Being the manager of Manchester United hasn’t been an easy gig over the past nine years.

Ever since Sir Alex Ferguson retired at the end of the 2012-13 season, United’s post-Fergie hangover has lasted longer than most expected.

There was always going to be a decline whenever Ferguson left, such was his longevity, influence and unparalleled success at the club. Yet no one imagined it would last for nearly a decade.

Managers have come and gone in that decade: David Moyes, Louis van Gaal, Jose Mourinho, Ole Gunnar Solskjaer and now Ralf Rangnick, who is only set to remain until the end of the season

Throughout it all, it’s always been viewed as the United board picking the right coach at the wrong time. Either certain coaches were past their peak (Mourinho, Van Gaal) or not able to cope with the size of the job (Moyes, Solskjaer).

But criticism of the players hasn’t been anywhere near as vociferous.

Arsenal great Thierry Henry believes it’s time that all changes.

Speaking on CBS Sports in America during their coverage of the Champions League, Henry claimed too many of United’s players have got off criticism-free for too long.

“I don’t like usually to have a go at players but you had a teacher like Louis van Gaal, who is successful,” Henry said.

“They called Mourinho ‘dictator’ because he was too much into this, too much into that. He was too direct with the players. The players didn’t like it.

“Suddenly you have a friend. They like Solskjaer because he was more of a dad, a nice guy.”

Henry continued: “When is it going to be about the players? They have to deliver.

“I’m not a Man United fan but when you play for Man United you have to deliver regardless of who the coach is.

“It cannot always be the coach. I’m sorry those guys need to perform and start to understand where they are.”

Henry does have a point. You get the impression that United’s players are like Goldilocks when it comes to managers: one’s too strict, the other too lenient and the next one too tactical.

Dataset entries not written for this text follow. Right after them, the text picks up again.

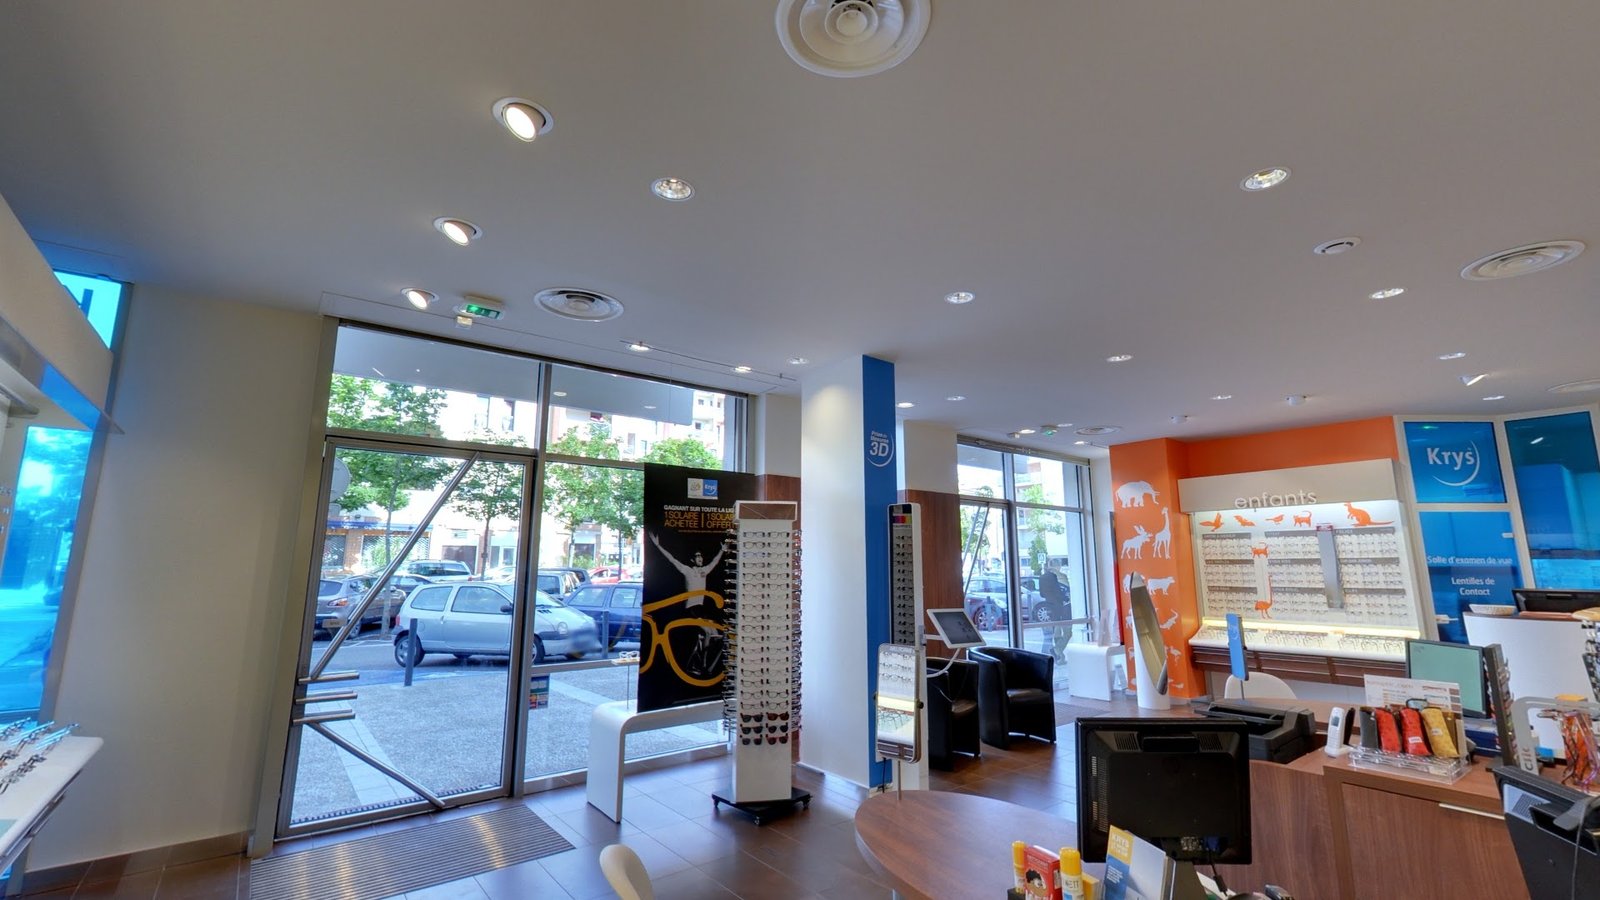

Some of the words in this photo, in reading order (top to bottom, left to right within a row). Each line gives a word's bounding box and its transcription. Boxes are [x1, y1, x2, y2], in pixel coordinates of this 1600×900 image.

[870, 441, 889, 457] 3D
[1426, 447, 1475, 471] Krys
[1234, 489, 1317, 509] enfants
[668, 511, 699, 520] SOLAIRE
[1486, 556, 1497, 564] de
[1451, 577, 1484, 585] Lentilles
[1484, 577, 1495, 585] de
[1459, 587, 1490, 595] Contact

There does come a time when the players need to look inwards and reflect on their own performances. United’s malaise has gone on for so long now it simply isn’t just about the right or wrong coach, it goes much deeper than that.

The culture at the club has changed irrevocably since the peak years of Roy Keane, Paul Scholes, Peter Schmeichel and the rest of the 1999 treble-winning side. That dressing room could almost police itself, such were the characters and the sheer desire to win trophies.

Yes, times move forward and characters like Keane could arguably not exist in modern-day dressing rooms, but the spirit that made United such a force under Ferguson throughout the majority of his reign has been lost.

But how do you fix the problem? You can’t just sell most of the team and initiate a reboot - this isn’t a Hollywood franchise, after all. But something of a ‘cleanse’ arguably wouldn’t go amiss.

There’s a real lack of senators in the current United locker room, players who show real leadership. The 1994, 1999 and 2008 sides were full of them, a whole starting XI of players who weren’t afraid of barking orders and doing whatever it took to win. The current iteration of United has lost that edge.

Regaining that culture won’t be easy, but smart recruitment in the summer would be a step in the right direction. Yet as evidenced by United’s haphazard transfer strategy over the past decade, you wouldn’t put faith in the board getting it right.

If a major reboot is out of the question, a player overhaul most certainly is, because the current method isn’t working.